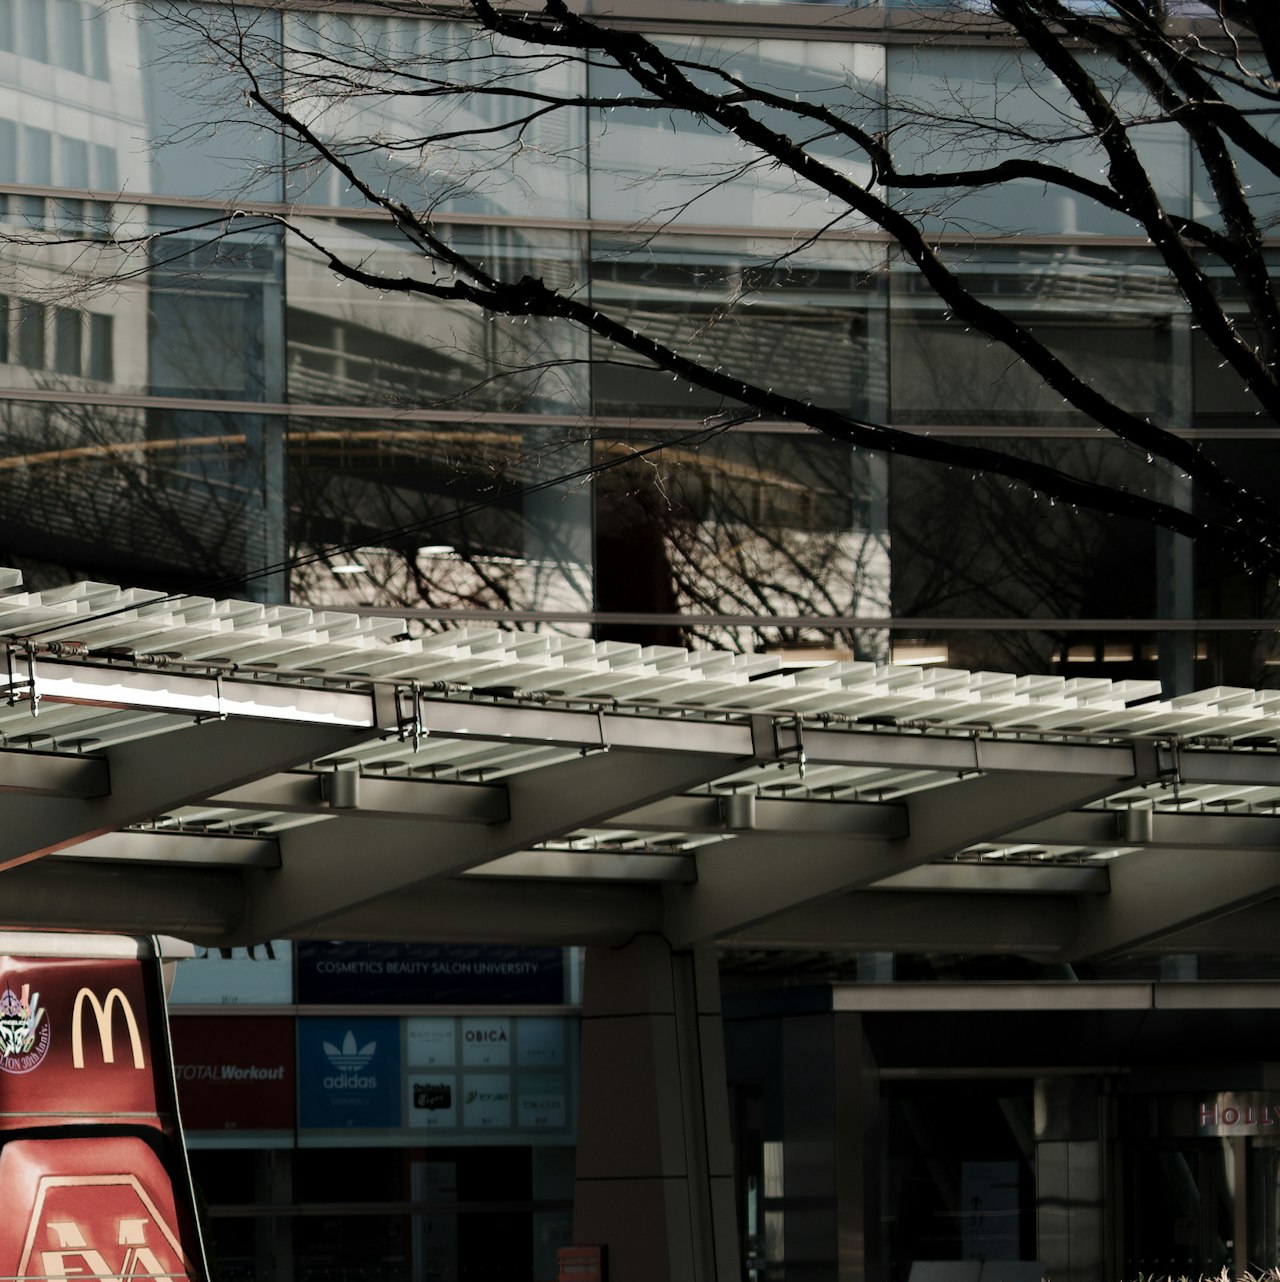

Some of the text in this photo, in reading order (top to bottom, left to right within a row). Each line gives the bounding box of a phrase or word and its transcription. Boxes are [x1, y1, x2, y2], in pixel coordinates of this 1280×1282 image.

[316, 961, 538, 975] COSMETICS BEAUTY SALON UNIVERSITY
[21, 1052, 40, 1070] 30th
[35, 1023, 49, 1056] Anniv.
[323, 1074, 377, 1089] adidas
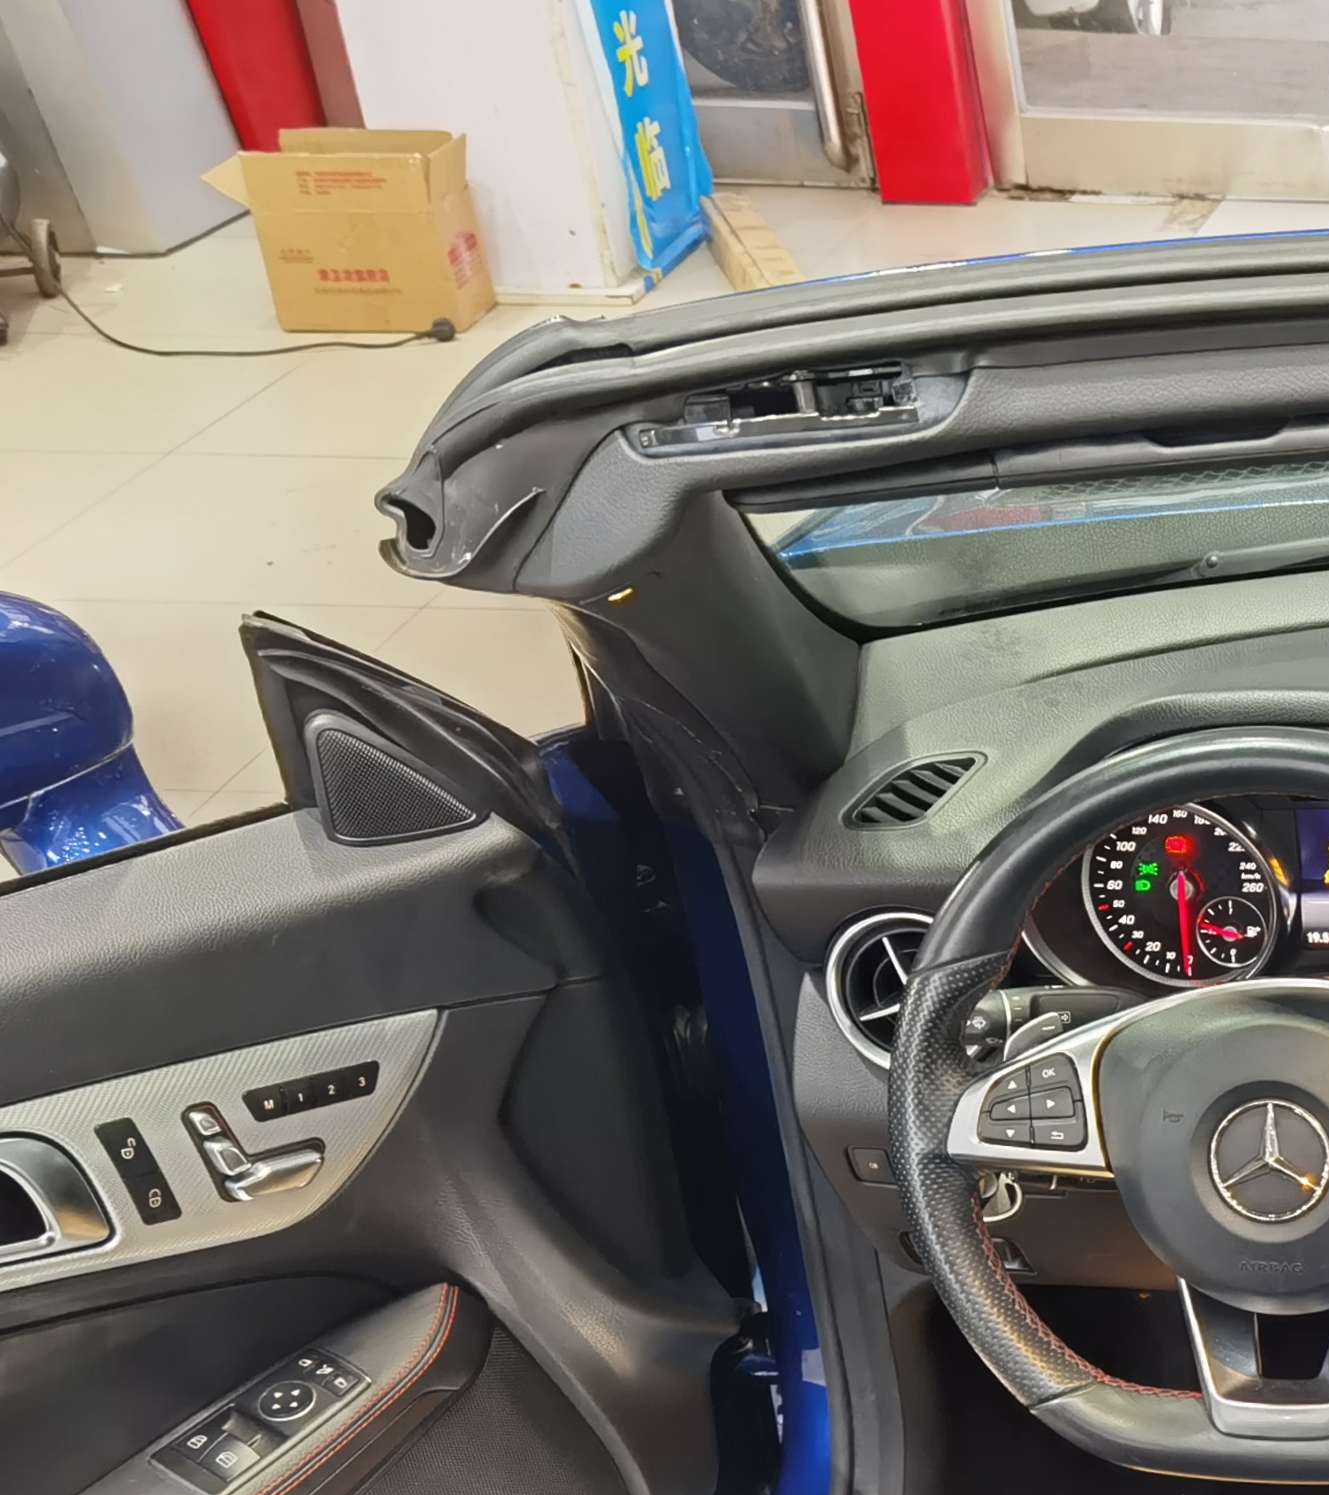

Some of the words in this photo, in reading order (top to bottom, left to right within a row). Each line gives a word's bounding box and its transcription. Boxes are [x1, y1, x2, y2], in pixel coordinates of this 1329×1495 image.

[612, 9, 672, 201] 光临
[1115, 841, 1136, 852] 100
[1227, 841, 1246, 853] 22
[1110, 860, 1123, 870] 80
[1239, 861, 1257, 871] 240
[1106, 880, 1123, 891] 60
[1241, 882, 1265, 893] 260
[1113, 899, 1125, 909] 50
[1118, 915, 1135, 926] 40
[1131, 930, 1145, 940] 30
[1145, 941, 1162, 952] 20
[1042, 1067, 1056, 1079] OK
[263, 1099, 275, 1110] M
[297, 1092, 304, 1103] 1
[327, 1084, 336, 1096] 2
[358, 1076, 366, 1087] 3
[1240, 1260, 1305, 1273] AIRBAG
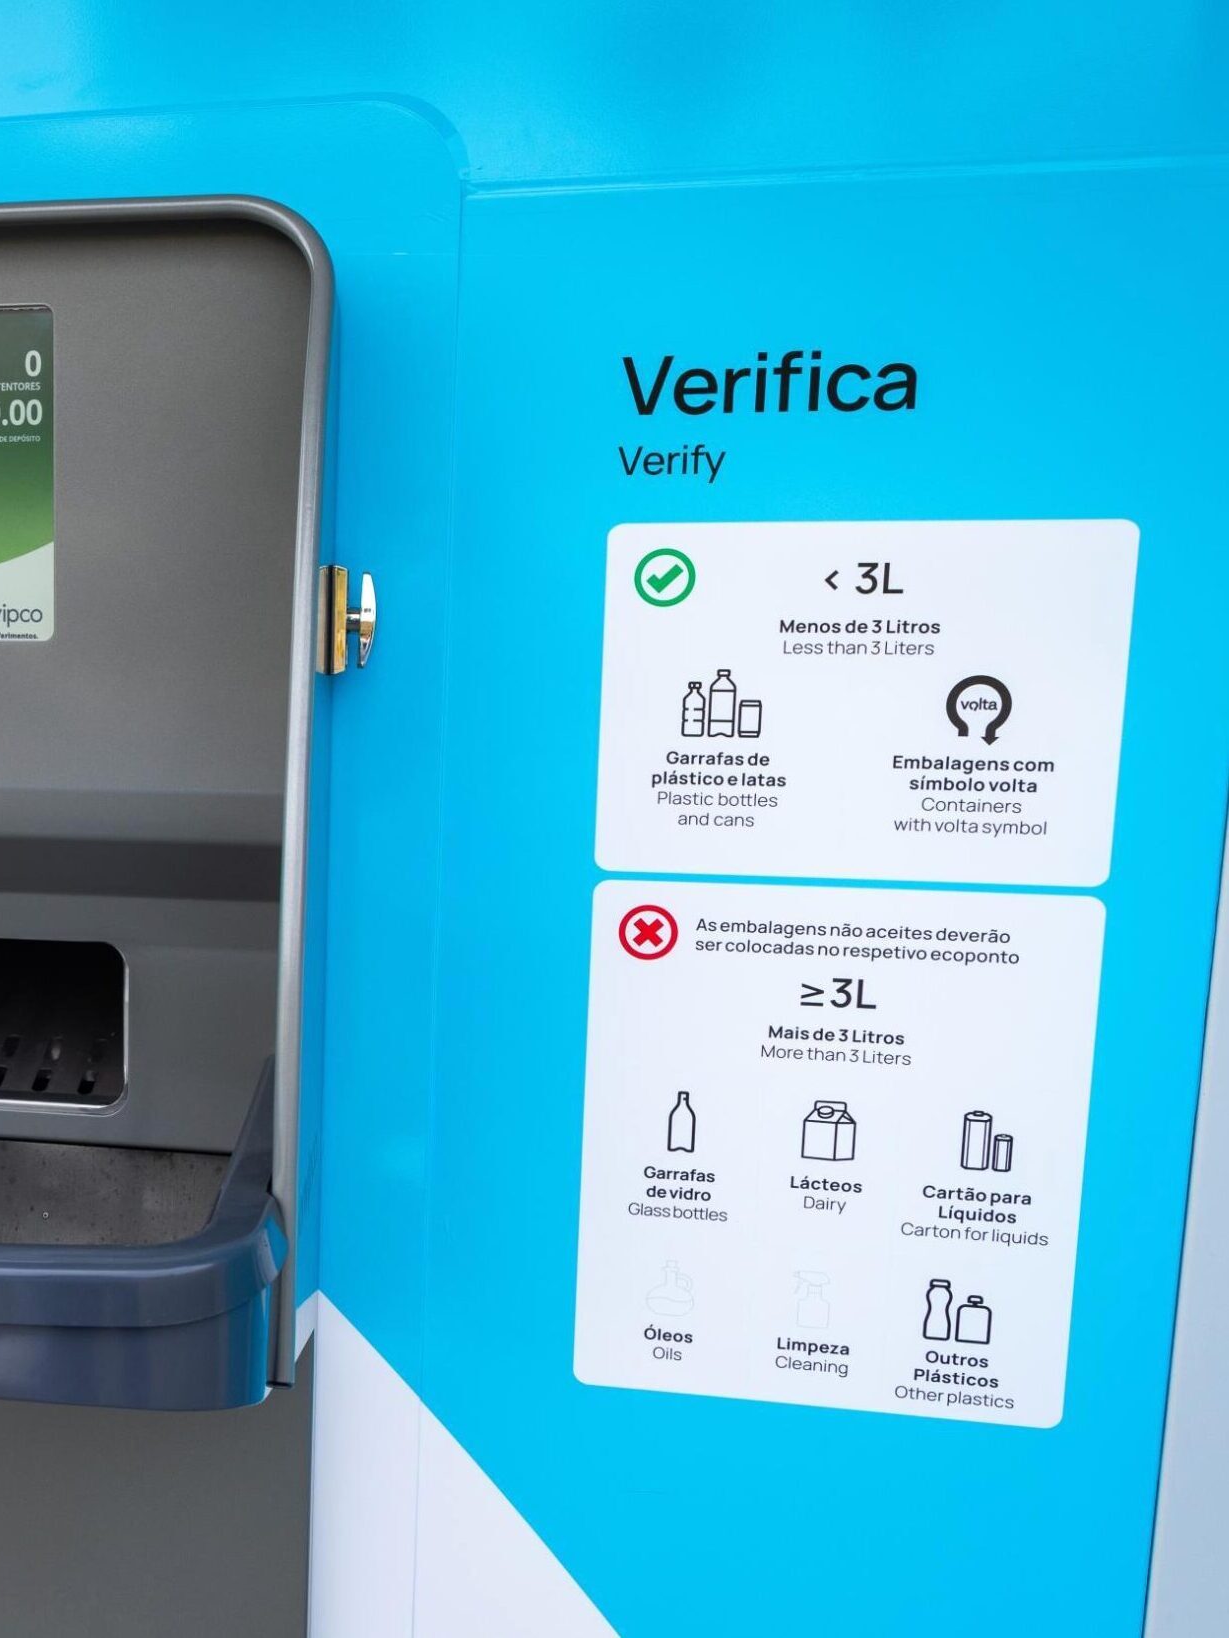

**Exercise directions**:
With the pictures left out, write out all of the data exactly.

**Task solution**:
Some of the text in this photo, in reading order (top to bottom, left to right within a row). Each line gives the bounding box of a phrase or word and its transcription. Boxes are [x1, y1, x2, y2], in pixel coordinates of this 1280×1282 image.

[316, 961, 538, 975] COSMETICS BEAUTY SALON UNIVERSITY
[21, 1052, 40, 1070] 30th
[35, 1023, 49, 1056] Anniv.
[323, 1074, 377, 1089] adidas

Some of the words in this photo, in reading order (top to bottom, left to right within a row). Each line gives a word's bounding box and its transcription. Boxes are [x1, y1, x2, y2], in pixel coordinates of this 1329×1495 image.

[612, 9, 672, 201] 光临
[1115, 841, 1136, 852] 100
[1227, 841, 1246, 853] 22
[1110, 860, 1123, 870] 80
[1239, 861, 1257, 871] 240
[1106, 880, 1123, 891] 60
[1241, 882, 1265, 893] 260
[1113, 899, 1125, 909] 50
[1118, 915, 1135, 926] 40
[1131, 930, 1145, 940] 30
[1145, 941, 1162, 952] 20
[1042, 1067, 1056, 1079] OK
[263, 1099, 275, 1110] M
[297, 1092, 304, 1103] 1
[327, 1084, 336, 1096] 2
[358, 1076, 366, 1087] 3
[1240, 1260, 1305, 1273] AIRBAG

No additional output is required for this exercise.